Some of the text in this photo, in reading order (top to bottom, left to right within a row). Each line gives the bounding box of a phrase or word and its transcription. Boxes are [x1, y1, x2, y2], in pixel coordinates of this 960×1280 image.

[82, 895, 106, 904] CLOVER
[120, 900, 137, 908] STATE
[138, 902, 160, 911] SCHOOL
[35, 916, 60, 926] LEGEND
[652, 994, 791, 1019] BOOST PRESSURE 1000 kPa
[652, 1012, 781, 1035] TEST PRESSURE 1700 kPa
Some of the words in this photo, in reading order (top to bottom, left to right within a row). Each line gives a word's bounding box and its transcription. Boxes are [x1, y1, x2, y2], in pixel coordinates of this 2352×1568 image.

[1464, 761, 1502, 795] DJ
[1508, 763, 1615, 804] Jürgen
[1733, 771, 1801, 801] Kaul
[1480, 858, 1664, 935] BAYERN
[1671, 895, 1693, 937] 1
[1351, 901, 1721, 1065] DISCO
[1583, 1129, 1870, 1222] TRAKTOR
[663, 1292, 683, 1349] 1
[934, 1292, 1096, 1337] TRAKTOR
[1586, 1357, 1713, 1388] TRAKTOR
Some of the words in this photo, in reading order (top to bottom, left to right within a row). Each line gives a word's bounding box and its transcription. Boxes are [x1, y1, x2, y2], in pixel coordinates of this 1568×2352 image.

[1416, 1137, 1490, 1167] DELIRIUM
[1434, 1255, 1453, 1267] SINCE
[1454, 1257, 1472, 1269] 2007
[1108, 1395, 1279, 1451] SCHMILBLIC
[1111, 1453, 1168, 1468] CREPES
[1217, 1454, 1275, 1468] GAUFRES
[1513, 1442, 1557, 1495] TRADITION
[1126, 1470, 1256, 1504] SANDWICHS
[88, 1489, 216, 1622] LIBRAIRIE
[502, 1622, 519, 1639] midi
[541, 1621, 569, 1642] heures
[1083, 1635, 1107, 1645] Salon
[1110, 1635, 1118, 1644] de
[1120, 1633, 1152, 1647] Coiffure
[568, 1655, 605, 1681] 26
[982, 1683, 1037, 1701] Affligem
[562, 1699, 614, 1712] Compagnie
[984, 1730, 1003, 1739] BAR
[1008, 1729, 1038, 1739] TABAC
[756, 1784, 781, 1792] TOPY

• • •

* ACTIVITY *
Return the entries above in full and exactly as written.

* EXERCISE RESULT *
Some of the text in this photo, in reading order (top to bottom, left to right within a row). Each line gives the bounding box of a phrase or word and its transcription. Boxes are [x1, y1, x2, y2], in pixel coordinates of this 960×1280 image.

[82, 895, 106, 904] CLOVER
[120, 900, 137, 908] STATE
[138, 902, 160, 911] SCHOOL
[35, 916, 60, 926] LEGEND
[652, 994, 791, 1019] BOOST PRESSURE 1000 kPa
[652, 1012, 781, 1035] TEST PRESSURE 1700 kPa
Some of the words in this photo, in reading order (top to bottom, left to right within a row). Each line gives a word's bounding box and its transcription. Boxes are [x1, y1, x2, y2], in pixel coordinates of this 2352×1568 image.

[1464, 761, 1502, 795] DJ
[1508, 763, 1615, 804] Jürgen
[1733, 771, 1801, 801] Kaul
[1480, 858, 1664, 935] BAYERN
[1671, 895, 1693, 937] 1
[1351, 901, 1721, 1065] DISCO
[1583, 1129, 1870, 1222] TRAKTOR
[663, 1292, 683, 1349] 1
[934, 1292, 1096, 1337] TRAKTOR
[1586, 1357, 1713, 1388] TRAKTOR
Some of the words in this photo, in reading order (top to bottom, left to right within a row). Each line gives a word's bounding box and its transcription. Boxes are [x1, y1, x2, y2], in pixel coordinates of this 1568×2352 image.

[1416, 1137, 1490, 1167] DELIRIUM
[1434, 1255, 1453, 1267] SINCE
[1454, 1257, 1472, 1269] 2007
[1108, 1395, 1279, 1451] SCHMILBLIC
[1111, 1453, 1168, 1468] CREPES
[1217, 1454, 1275, 1468] GAUFRES
[1513, 1442, 1557, 1495] TRADITION
[1126, 1470, 1256, 1504] SANDWICHS
[88, 1489, 216, 1622] LIBRAIRIE
[502, 1622, 519, 1639] midi
[541, 1621, 569, 1642] heures
[1083, 1635, 1107, 1645] Salon
[1110, 1635, 1118, 1644] de
[1120, 1633, 1152, 1647] Coiffure
[568, 1655, 605, 1681] 26
[982, 1683, 1037, 1701] Affligem
[562, 1699, 614, 1712] Compagnie
[984, 1730, 1003, 1739] BAR
[1008, 1729, 1038, 1739] TABAC
[756, 1784, 781, 1792] TOPY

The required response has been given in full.